Saved entries
....
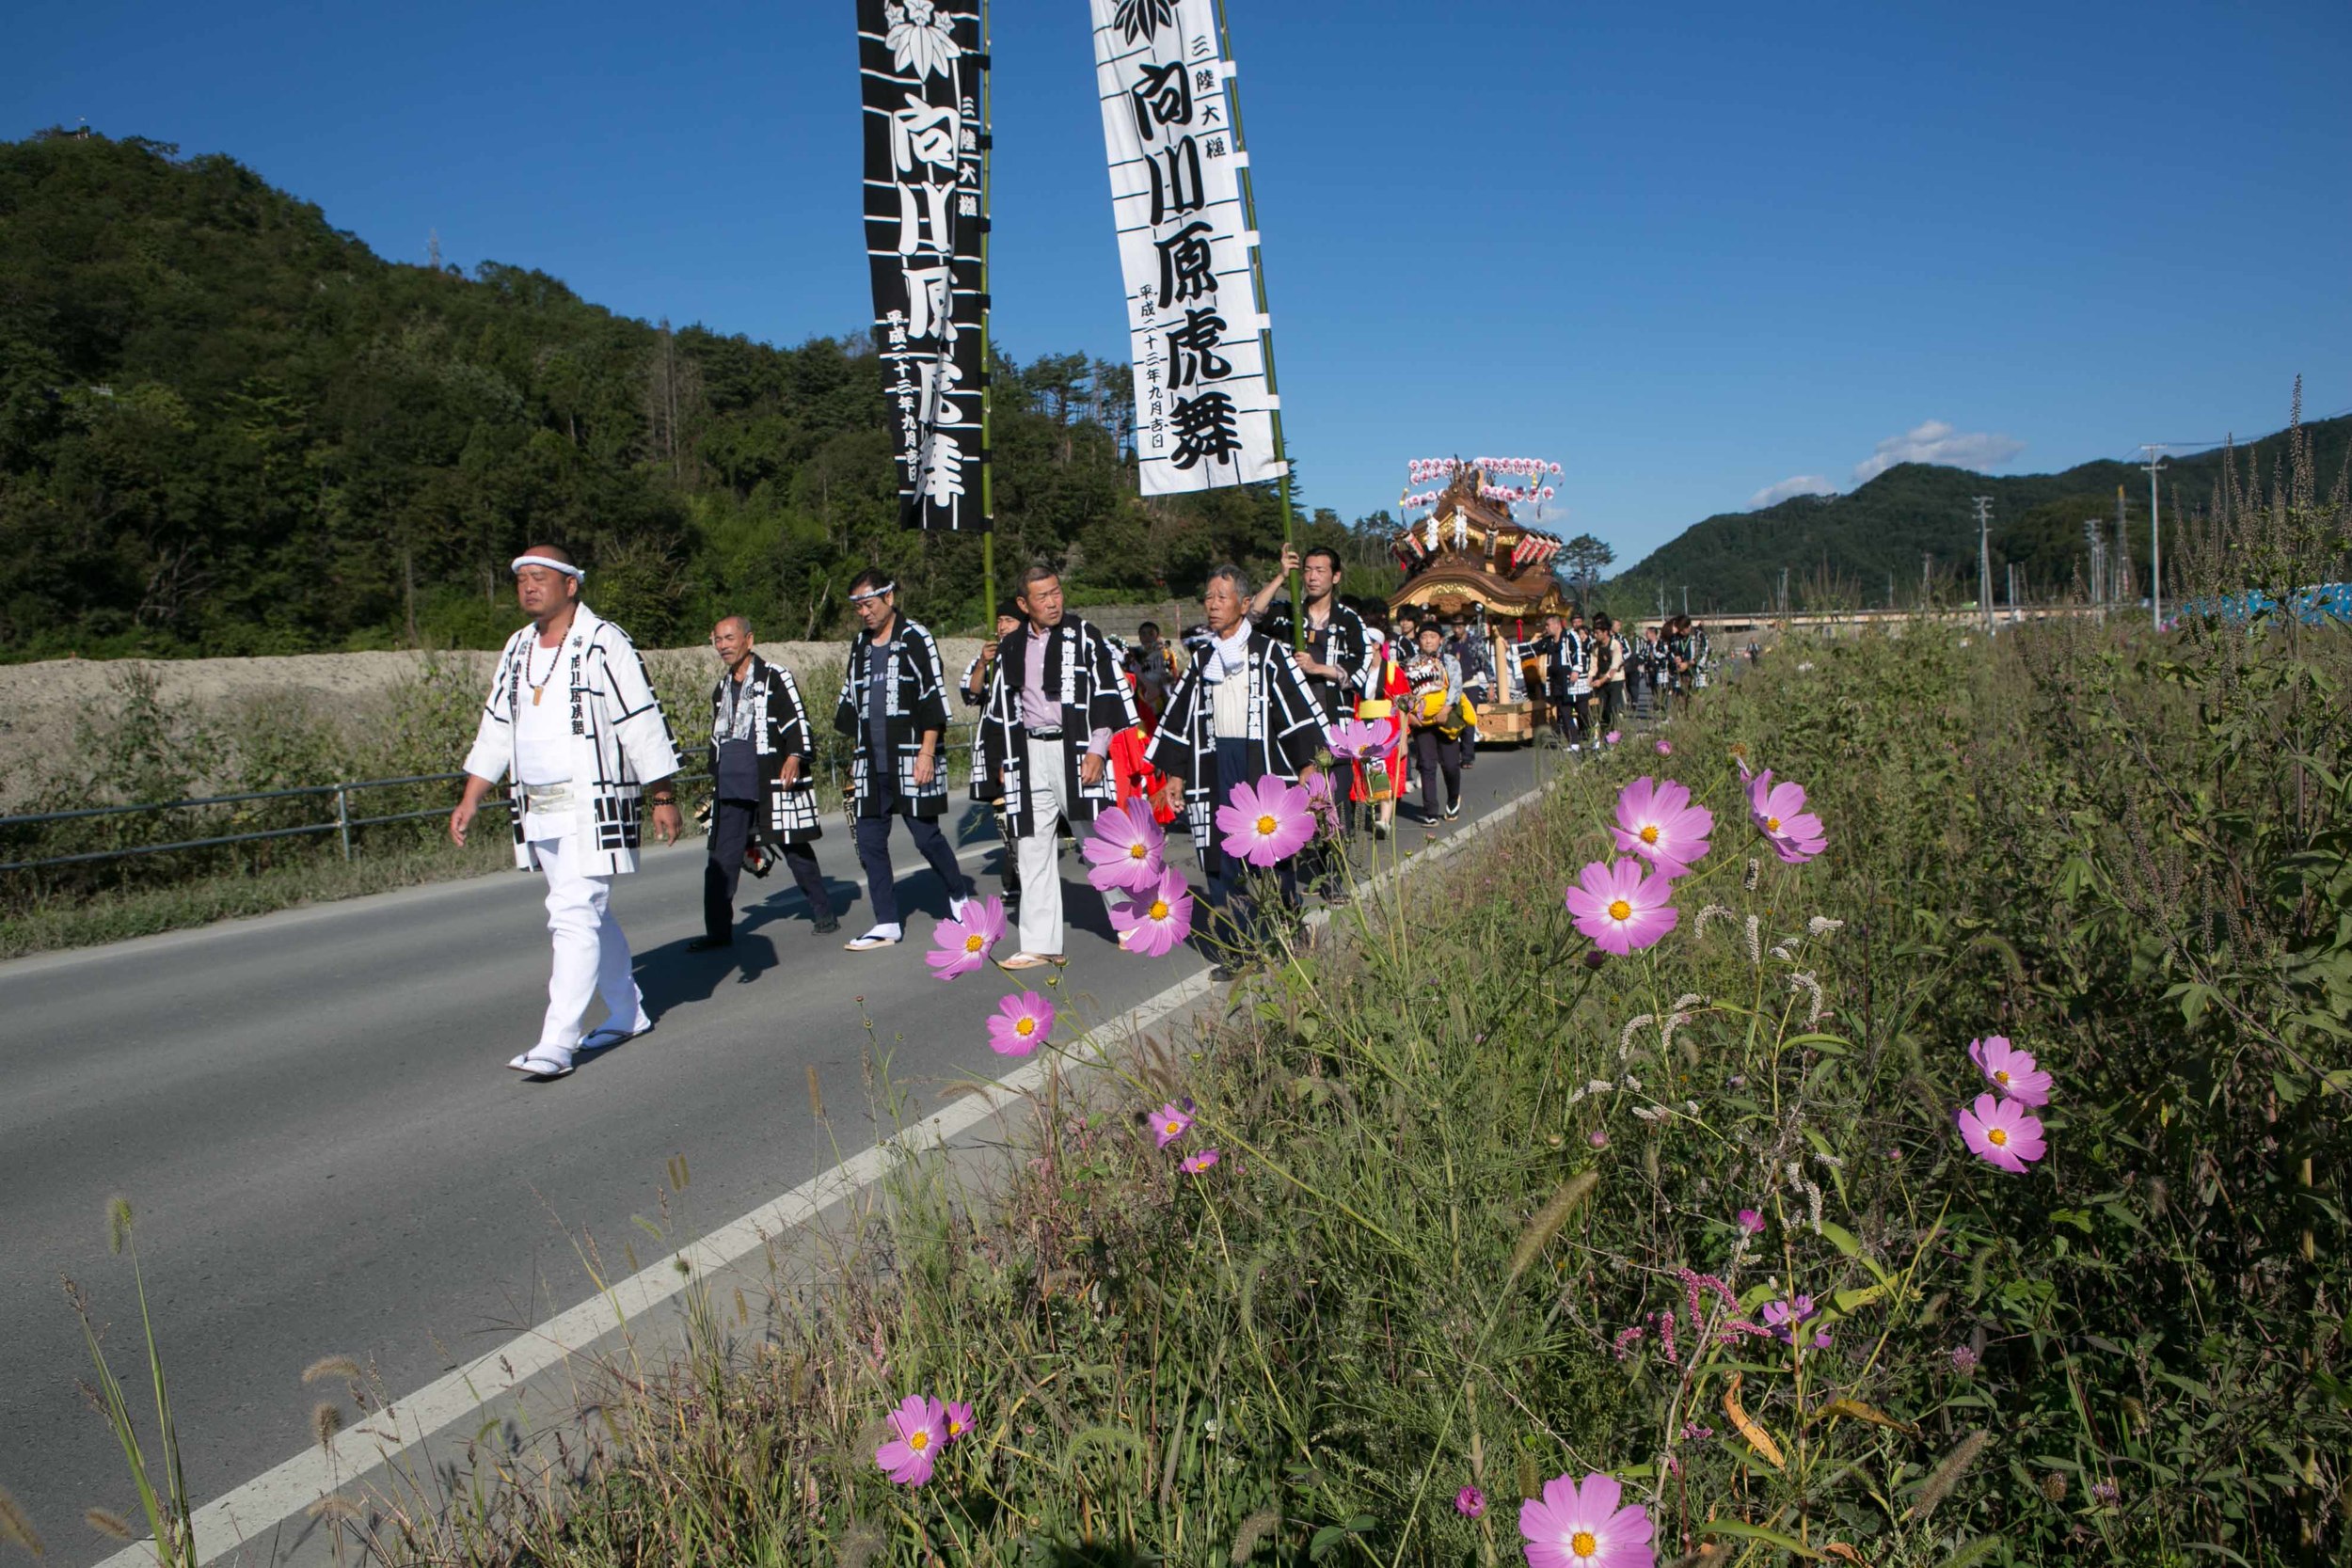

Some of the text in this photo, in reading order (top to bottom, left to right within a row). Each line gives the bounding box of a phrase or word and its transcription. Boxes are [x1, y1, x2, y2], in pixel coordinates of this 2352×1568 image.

[1130, 61, 1243, 471] 向川原虎舞
[1139, 284, 1165, 449] 平成二十三年九月吉日
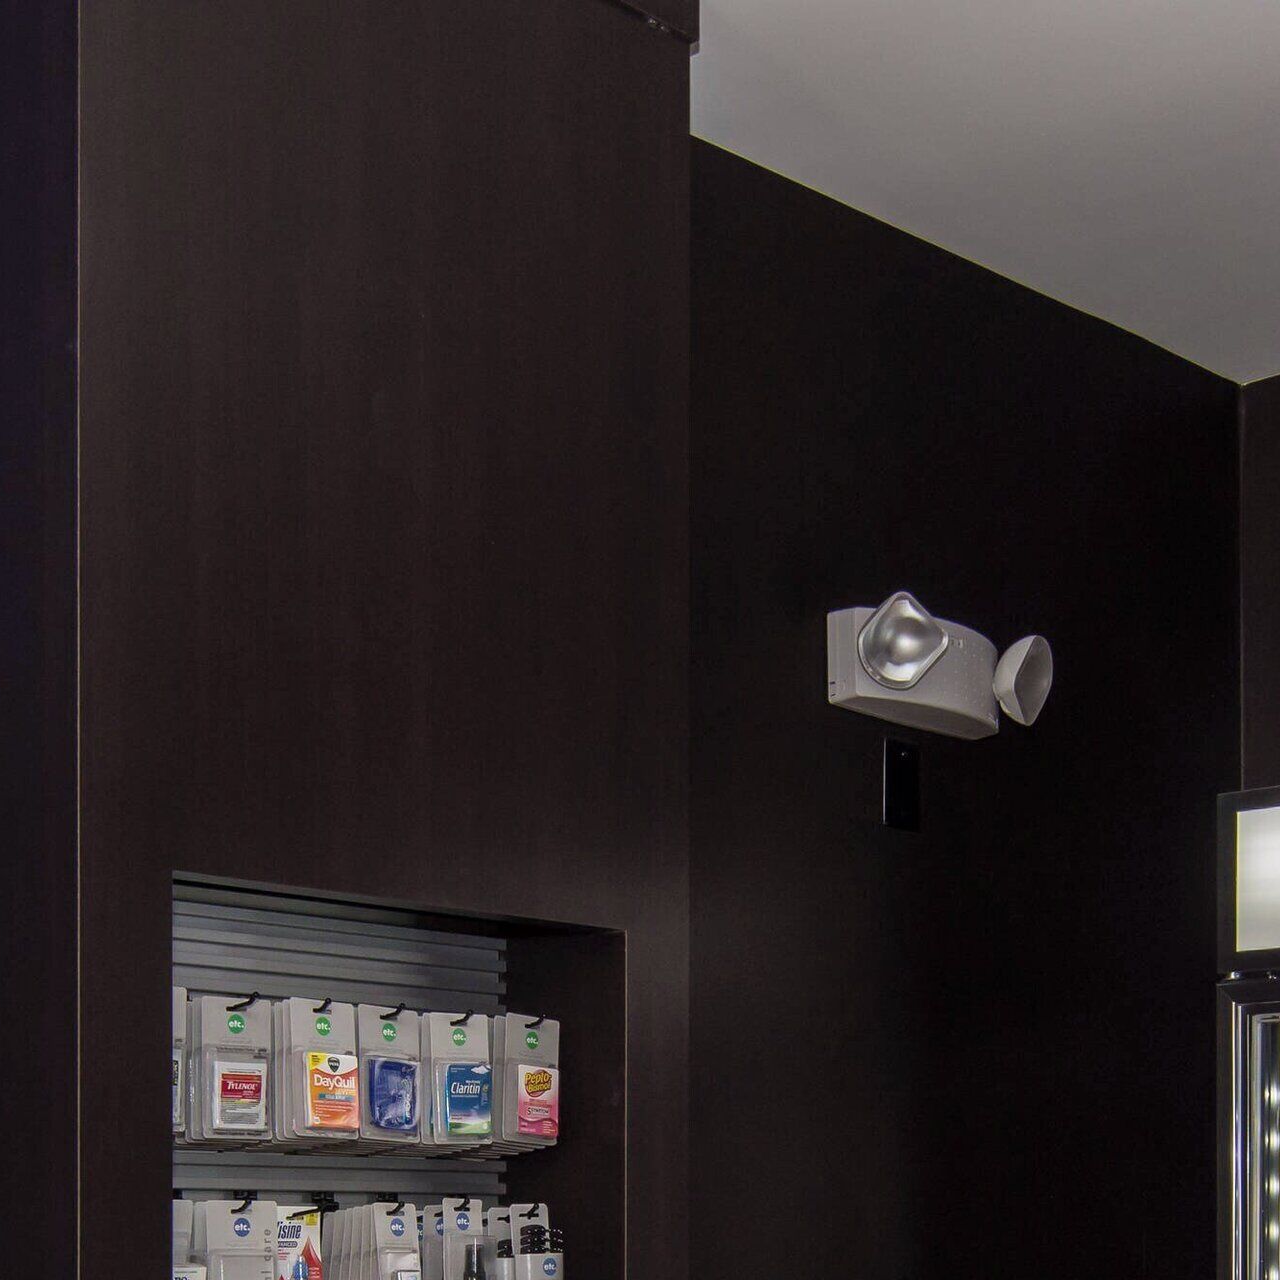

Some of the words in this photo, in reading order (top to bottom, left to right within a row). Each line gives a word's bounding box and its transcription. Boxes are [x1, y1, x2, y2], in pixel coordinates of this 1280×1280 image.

[227, 1081, 258, 1091] TYLENOL
[313, 1074, 356, 1090] DayQuil
[451, 1081, 481, 1095] Claritin
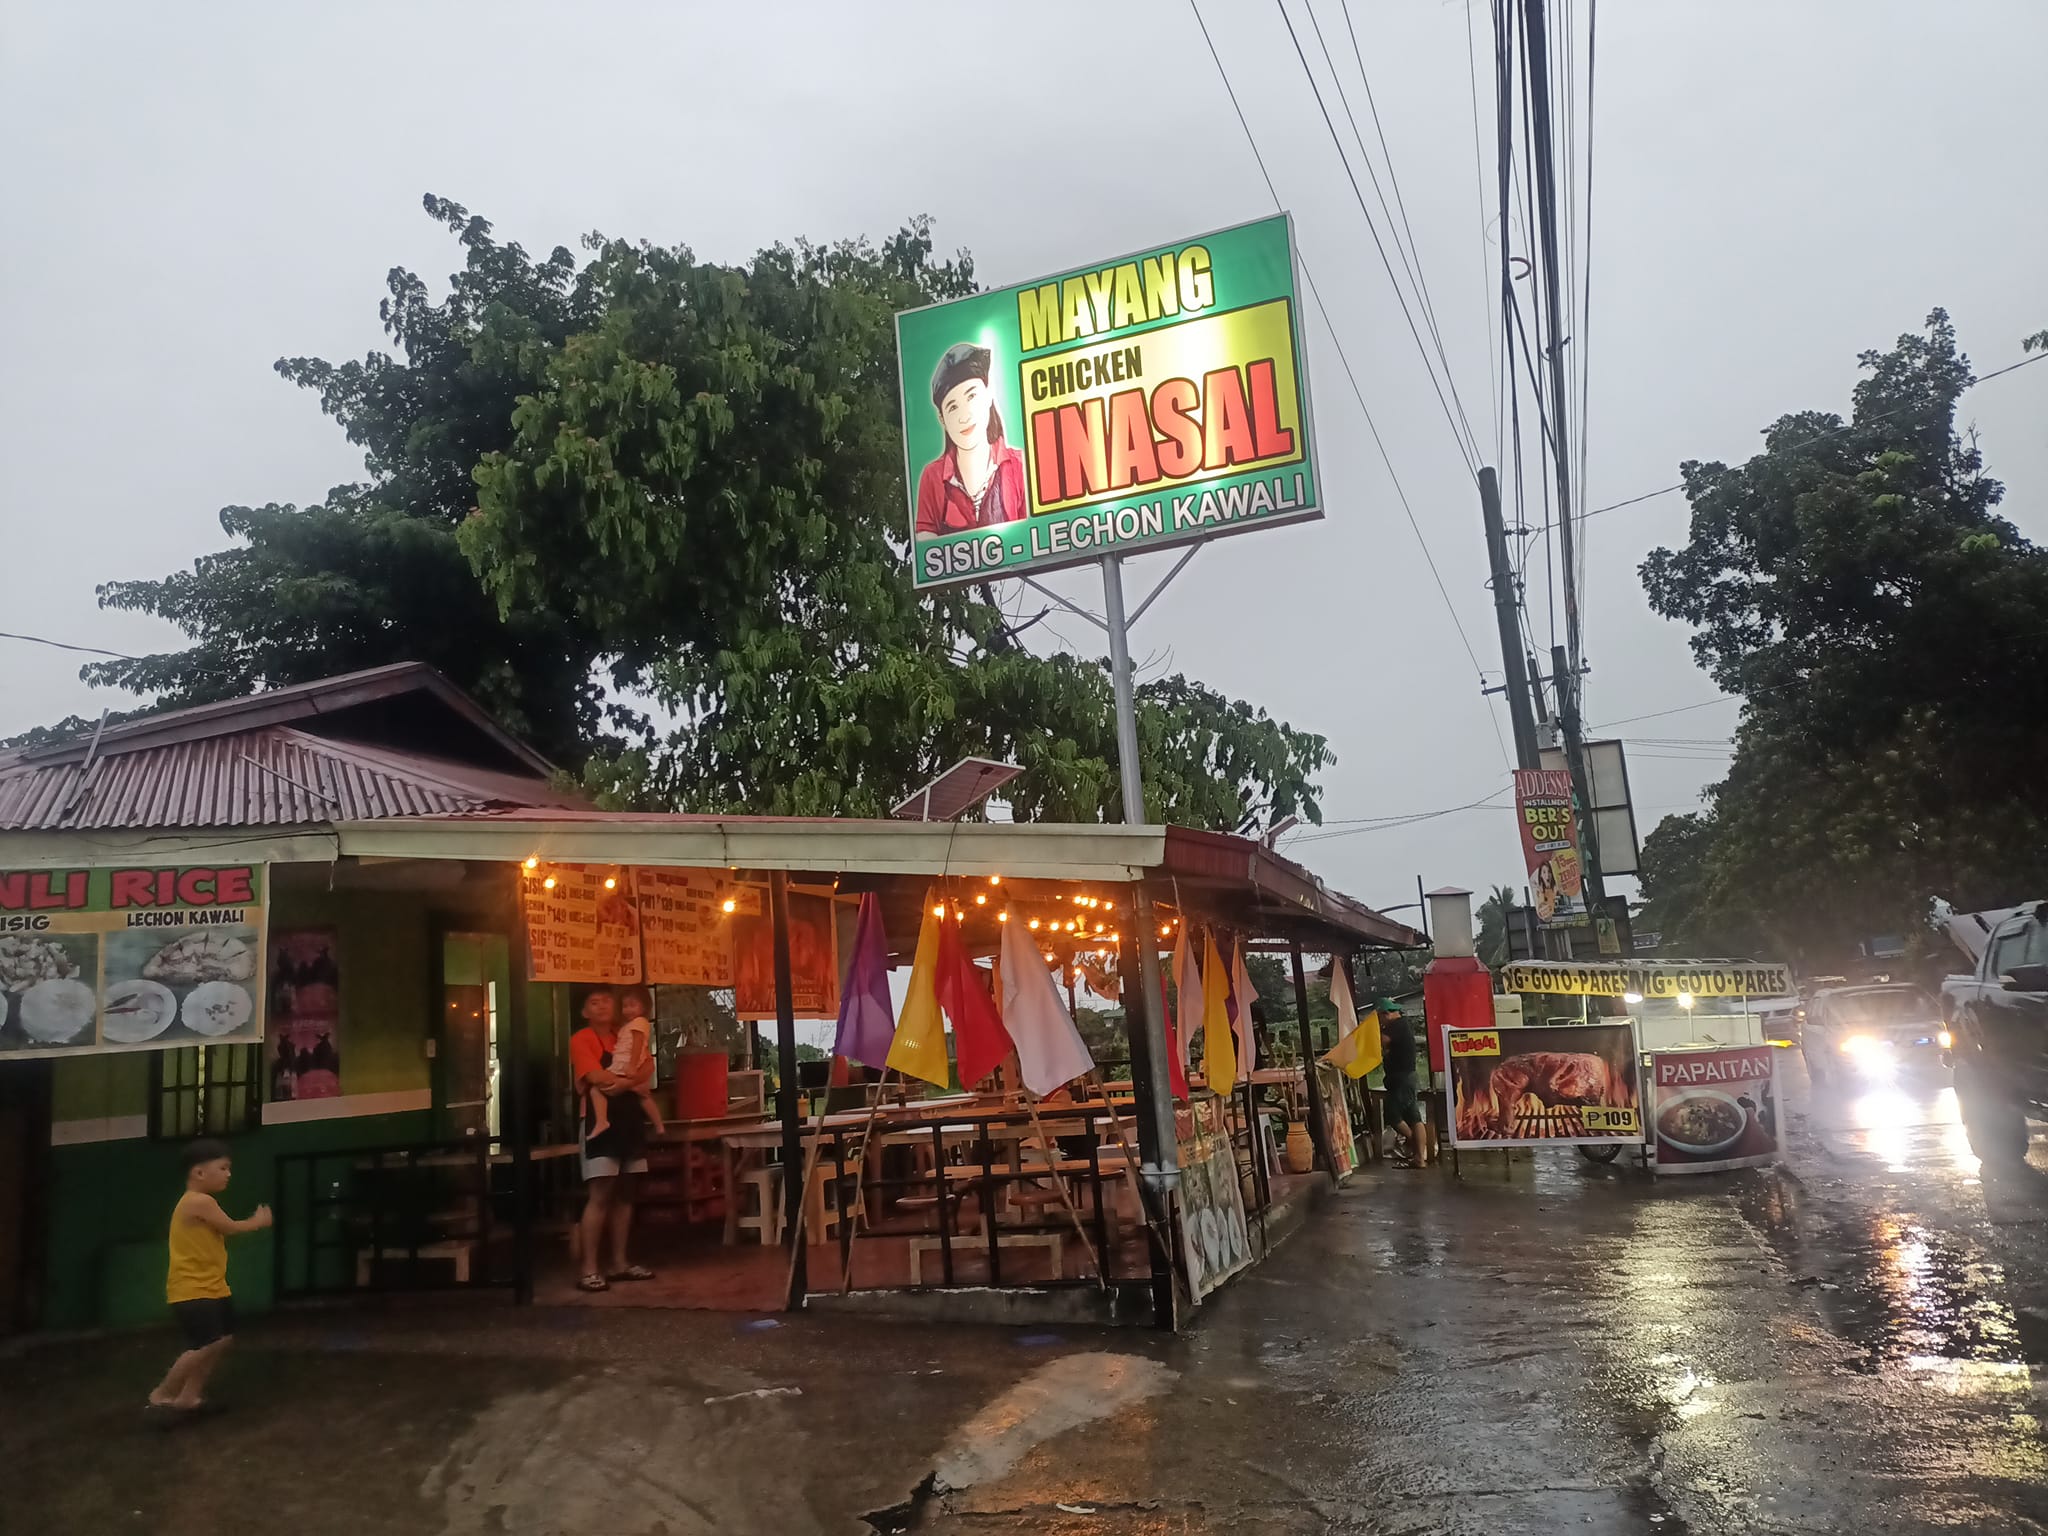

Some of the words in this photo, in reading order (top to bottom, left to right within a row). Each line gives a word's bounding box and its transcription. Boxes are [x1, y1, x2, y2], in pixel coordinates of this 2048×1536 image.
....
The reply must match the records exactly, apart from the pictures, which are left out.

Some of the text in this photo, in reading order (top to bottom, left to right within a row). Each line gives the bounding box of a phrase or word and its transcription. Boxes are [x1, y1, x2, y2], in pixel coordinates of this 2352×1568 image.

[1130, 61, 1243, 471] 向川原虎舞
[1139, 284, 1165, 449] 平成二十三年九月吉日

Some of the words in this photo, in reading order (top to bottom, left to right within a row). Each line gives a word's bounding box and its transcription. Boxes are [x1, y1, x2, y2], in pixel coordinates of this 1280×1280 image.

[227, 1081, 258, 1091] TYLENOL
[313, 1074, 356, 1090] DayQuil
[451, 1081, 481, 1095] Claritin

Some of the words in this photo, in reading order (top to bottom, left to right within a row). Each line gives a word's bounding box and its transcription. Boxes are [x1, y1, x2, y2], in pixel coordinates of this 2048×1536 image.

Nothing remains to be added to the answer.